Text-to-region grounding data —
§ §

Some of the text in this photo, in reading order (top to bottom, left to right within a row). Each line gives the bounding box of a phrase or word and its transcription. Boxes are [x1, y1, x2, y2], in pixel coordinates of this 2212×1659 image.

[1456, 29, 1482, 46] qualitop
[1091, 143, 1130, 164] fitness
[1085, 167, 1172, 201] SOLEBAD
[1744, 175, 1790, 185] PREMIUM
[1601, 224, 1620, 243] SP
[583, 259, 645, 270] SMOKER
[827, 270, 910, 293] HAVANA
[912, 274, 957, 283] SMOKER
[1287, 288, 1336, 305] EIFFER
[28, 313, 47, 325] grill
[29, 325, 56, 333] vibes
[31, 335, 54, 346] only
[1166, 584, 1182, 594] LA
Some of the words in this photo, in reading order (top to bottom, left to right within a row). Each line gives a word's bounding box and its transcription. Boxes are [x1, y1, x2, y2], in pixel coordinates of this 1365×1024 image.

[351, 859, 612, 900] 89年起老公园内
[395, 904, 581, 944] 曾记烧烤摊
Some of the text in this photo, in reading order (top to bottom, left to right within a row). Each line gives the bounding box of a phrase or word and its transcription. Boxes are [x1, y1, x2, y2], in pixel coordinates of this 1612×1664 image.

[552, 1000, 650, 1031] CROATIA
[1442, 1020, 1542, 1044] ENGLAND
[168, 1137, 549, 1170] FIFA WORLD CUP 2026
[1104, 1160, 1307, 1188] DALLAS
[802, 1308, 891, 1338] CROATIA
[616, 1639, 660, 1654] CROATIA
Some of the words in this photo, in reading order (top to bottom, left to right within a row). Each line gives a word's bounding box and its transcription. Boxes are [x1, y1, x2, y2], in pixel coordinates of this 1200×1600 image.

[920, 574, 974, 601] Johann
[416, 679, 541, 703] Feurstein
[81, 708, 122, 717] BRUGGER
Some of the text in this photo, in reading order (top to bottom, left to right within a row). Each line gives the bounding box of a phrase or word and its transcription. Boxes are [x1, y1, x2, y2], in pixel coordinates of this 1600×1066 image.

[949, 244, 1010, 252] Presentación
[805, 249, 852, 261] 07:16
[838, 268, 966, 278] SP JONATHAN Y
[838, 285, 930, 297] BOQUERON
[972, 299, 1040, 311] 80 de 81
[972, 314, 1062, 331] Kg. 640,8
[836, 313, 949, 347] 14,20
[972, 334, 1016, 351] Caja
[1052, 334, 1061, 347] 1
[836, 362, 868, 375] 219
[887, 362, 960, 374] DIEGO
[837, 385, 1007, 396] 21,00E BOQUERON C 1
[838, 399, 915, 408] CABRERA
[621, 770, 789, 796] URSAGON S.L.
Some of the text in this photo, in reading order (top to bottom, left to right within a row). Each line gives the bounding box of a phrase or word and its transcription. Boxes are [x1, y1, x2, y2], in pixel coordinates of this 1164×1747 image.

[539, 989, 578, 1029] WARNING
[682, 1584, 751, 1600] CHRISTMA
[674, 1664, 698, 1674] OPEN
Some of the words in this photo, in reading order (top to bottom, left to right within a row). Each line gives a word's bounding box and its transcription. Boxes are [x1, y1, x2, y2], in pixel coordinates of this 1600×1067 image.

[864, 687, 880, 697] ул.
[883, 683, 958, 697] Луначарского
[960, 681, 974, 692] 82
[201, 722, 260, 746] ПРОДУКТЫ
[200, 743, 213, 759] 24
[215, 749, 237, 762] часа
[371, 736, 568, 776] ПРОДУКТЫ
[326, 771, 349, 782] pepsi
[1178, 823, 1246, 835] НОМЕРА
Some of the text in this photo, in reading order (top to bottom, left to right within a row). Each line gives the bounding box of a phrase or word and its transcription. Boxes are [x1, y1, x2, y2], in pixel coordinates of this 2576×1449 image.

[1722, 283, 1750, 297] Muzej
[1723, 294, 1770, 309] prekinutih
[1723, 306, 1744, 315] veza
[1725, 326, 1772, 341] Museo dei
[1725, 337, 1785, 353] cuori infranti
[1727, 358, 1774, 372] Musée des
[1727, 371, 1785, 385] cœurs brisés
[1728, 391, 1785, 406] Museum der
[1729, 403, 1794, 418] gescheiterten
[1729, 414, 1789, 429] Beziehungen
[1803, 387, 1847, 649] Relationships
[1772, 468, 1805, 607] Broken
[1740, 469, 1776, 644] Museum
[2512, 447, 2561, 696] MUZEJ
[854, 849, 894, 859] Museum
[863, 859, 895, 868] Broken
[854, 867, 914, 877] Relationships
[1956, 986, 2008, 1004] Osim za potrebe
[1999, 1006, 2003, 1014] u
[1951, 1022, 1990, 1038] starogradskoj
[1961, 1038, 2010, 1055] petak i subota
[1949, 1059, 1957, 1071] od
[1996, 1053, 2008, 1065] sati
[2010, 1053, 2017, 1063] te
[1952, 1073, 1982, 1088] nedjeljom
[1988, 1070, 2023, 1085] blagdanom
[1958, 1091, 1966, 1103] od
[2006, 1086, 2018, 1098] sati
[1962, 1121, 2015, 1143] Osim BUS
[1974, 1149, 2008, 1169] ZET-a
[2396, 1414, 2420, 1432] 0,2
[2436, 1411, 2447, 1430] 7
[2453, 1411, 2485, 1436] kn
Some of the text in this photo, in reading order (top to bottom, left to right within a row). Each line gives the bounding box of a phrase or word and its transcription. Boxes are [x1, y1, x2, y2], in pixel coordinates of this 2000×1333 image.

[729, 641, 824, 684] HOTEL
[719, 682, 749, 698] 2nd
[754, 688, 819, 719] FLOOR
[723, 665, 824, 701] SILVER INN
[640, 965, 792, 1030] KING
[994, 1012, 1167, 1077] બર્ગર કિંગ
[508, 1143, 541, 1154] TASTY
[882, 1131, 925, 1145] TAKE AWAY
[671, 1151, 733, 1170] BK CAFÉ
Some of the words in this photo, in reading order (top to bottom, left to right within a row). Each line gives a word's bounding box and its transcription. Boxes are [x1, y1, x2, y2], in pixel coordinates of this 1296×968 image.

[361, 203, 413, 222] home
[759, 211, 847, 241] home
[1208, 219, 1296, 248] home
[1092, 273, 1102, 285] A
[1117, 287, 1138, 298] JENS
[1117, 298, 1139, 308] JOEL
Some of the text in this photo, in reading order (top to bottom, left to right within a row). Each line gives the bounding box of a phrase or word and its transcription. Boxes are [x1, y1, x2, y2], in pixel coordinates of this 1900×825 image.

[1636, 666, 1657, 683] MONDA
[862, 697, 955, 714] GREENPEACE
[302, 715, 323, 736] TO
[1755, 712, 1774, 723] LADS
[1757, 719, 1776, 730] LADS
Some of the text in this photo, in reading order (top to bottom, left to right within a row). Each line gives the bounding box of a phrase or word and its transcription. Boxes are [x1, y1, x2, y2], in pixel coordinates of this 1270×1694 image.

§ §

Problem to solve — The full data, repeated exactly, is the only acceptable output.

Your response —
Some of the text in this photo, in reading order (top to bottom, left to right within a row). Each line gives the bounding box of a phrase or word and its transcription. Boxes are [x1, y1, x2, y2], in pixel coordinates of this 2212×1659 image.

[1456, 29, 1482, 46] qualitop
[1091, 143, 1130, 164] fitness
[1085, 167, 1172, 201] SOLEBAD
[1744, 175, 1790, 185] PREMIUM
[1601, 224, 1620, 243] SP
[583, 259, 645, 270] SMOKER
[827, 270, 910, 293] HAVANA
[912, 274, 957, 283] SMOKER
[1287, 288, 1336, 305] EIFFER
[28, 313, 47, 325] grill
[29, 325, 56, 333] vibes
[31, 335, 54, 346] only
[1166, 584, 1182, 594] LA
Some of the words in this photo, in reading order (top to bottom, left to right within a row). Each line gives a word's bounding box and its transcription. Boxes are [x1, y1, x2, y2], in pixel coordinates of this 1365×1024 image.

[351, 859, 612, 900] 89年起老公园内
[395, 904, 581, 944] 曾记烧烤摊
Some of the text in this photo, in reading order (top to bottom, left to right within a row). Each line gives the bounding box of a phrase or word and its transcription. Boxes are [x1, y1, x2, y2], in pixel coordinates of this 1612×1664 image.

[552, 1000, 650, 1031] CROATIA
[1442, 1020, 1542, 1044] ENGLAND
[168, 1137, 549, 1170] FIFA WORLD CUP 2026
[1104, 1160, 1307, 1188] DALLAS
[802, 1308, 891, 1338] CROATIA
[616, 1639, 660, 1654] CROATIA
Some of the words in this photo, in reading order (top to bottom, left to right within a row). Each line gives a word's bounding box and its transcription. Boxes are [x1, y1, x2, y2], in pixel coordinates of this 1200×1600 image.

[920, 574, 974, 601] Johann
[416, 679, 541, 703] Feurstein
[81, 708, 122, 717] BRUGGER
Some of the text in this photo, in reading order (top to bottom, left to right within a row). Each line gives the bounding box of a phrase or word and its transcription. Boxes are [x1, y1, x2, y2], in pixel coordinates of this 1600×1066 image.

[949, 244, 1010, 252] Presentación
[805, 249, 852, 261] 07:16
[838, 268, 966, 278] SP JONATHAN Y
[838, 285, 930, 297] BOQUERON
[972, 299, 1040, 311] 80 de 81
[972, 314, 1062, 331] Kg. 640,8
[836, 313, 949, 347] 14,20
[972, 334, 1016, 351] Caja
[1052, 334, 1061, 347] 1
[836, 362, 868, 375] 219
[887, 362, 960, 374] DIEGO
[837, 385, 1007, 396] 21,00E BOQUERON C 1
[838, 399, 915, 408] CABRERA
[621, 770, 789, 796] URSAGON S.L.
Some of the text in this photo, in reading order (top to bottom, left to right within a row). Each line gives the bounding box of a phrase or word and its transcription. Boxes are [x1, y1, x2, y2], in pixel coordinates of this 1164×1747 image.

[539, 989, 578, 1029] WARNING
[682, 1584, 751, 1600] CHRISTMA
[674, 1664, 698, 1674] OPEN
Some of the words in this photo, in reading order (top to bottom, left to right within a row). Each line gives a word's bounding box and its transcription. Boxes are [x1, y1, x2, y2], in pixel coordinates of this 1600×1067 image.

[864, 687, 880, 697] ул.
[883, 683, 958, 697] Луначарского
[960, 681, 974, 692] 82
[201, 722, 260, 746] ПРОДУКТЫ
[200, 743, 213, 759] 24
[215, 749, 237, 762] часа
[371, 736, 568, 776] ПРОДУКТЫ
[326, 771, 349, 782] pepsi
[1178, 823, 1246, 835] НОМЕРА
Some of the text in this photo, in reading order (top to bottom, left to right within a row). Each line gives the bounding box of a phrase or word and its transcription. Boxes are [x1, y1, x2, y2], in pixel coordinates of this 2576×1449 image.

[1722, 283, 1750, 297] Muzej
[1723, 294, 1770, 309] prekinutih
[1723, 306, 1744, 315] veza
[1725, 326, 1772, 341] Museo dei
[1725, 337, 1785, 353] cuori infranti
[1727, 358, 1774, 372] Musée des
[1727, 371, 1785, 385] cœurs brisés
[1728, 391, 1785, 406] Museum der
[1729, 403, 1794, 418] gescheiterten
[1729, 414, 1789, 429] Beziehungen
[1803, 387, 1847, 649] Relationships
[1772, 468, 1805, 607] Broken
[1740, 469, 1776, 644] Museum
[2512, 447, 2561, 696] MUZEJ
[854, 849, 894, 859] Museum
[863, 859, 895, 868] Broken
[854, 867, 914, 877] Relationships
[1956, 986, 2008, 1004] Osim za potrebe
[1999, 1006, 2003, 1014] u
[1951, 1022, 1990, 1038] starogradskoj
[1961, 1038, 2010, 1055] petak i subota
[1949, 1059, 1957, 1071] od
[1996, 1053, 2008, 1065] sati
[2010, 1053, 2017, 1063] te
[1952, 1073, 1982, 1088] nedjeljom
[1988, 1070, 2023, 1085] blagdanom
[1958, 1091, 1966, 1103] od
[2006, 1086, 2018, 1098] sati
[1962, 1121, 2015, 1143] Osim BUS
[1974, 1149, 2008, 1169] ZET-a
[2396, 1414, 2420, 1432] 0,2
[2436, 1411, 2447, 1430] 7
[2453, 1411, 2485, 1436] kn
Some of the text in this photo, in reading order (top to bottom, left to right within a row). Each line gives the bounding box of a phrase or word and its transcription. Boxes are [x1, y1, x2, y2], in pixel coordinates of this 2000×1333 image.

[729, 641, 824, 684] HOTEL
[719, 682, 749, 698] 2nd
[754, 688, 819, 719] FLOOR
[723, 665, 824, 701] SILVER INN
[640, 965, 792, 1030] KING
[994, 1012, 1167, 1077] બર્ગર કિંગ
[508, 1143, 541, 1154] TASTY
[882, 1131, 925, 1145] TAKE AWAY
[671, 1151, 733, 1170] BK CAFÉ
Some of the words in this photo, in reading order (top to bottom, left to right within a row). Each line gives a word's bounding box and its transcription. Boxes are [x1, y1, x2, y2], in pixel coordinates of this 1296×968 image.

[361, 203, 413, 222] home
[759, 211, 847, 241] home
[1208, 219, 1296, 248] home
[1092, 273, 1102, 285] A
[1117, 287, 1138, 298] JENS
[1117, 298, 1139, 308] JOEL
Some of the text in this photo, in reading order (top to bottom, left to right within a row). Each line gives the bounding box of a phrase or word and its transcription. Boxes are [x1, y1, x2, y2], in pixel coordinates of this 1900×825 image.

[1636, 666, 1657, 683] MONDA
[862, 697, 955, 714] GREENPEACE
[302, 715, 323, 736] TO
[1755, 712, 1774, 723] LADS
[1757, 719, 1776, 730] LADS
Some of the text in this photo, in reading order (top to bottom, left to right within a row). Each line gives the bounding box of a phrase or word and its transcription. Boxes are [x1, y1, x2, y2], in pixel coordinates of this 1270×1694 image.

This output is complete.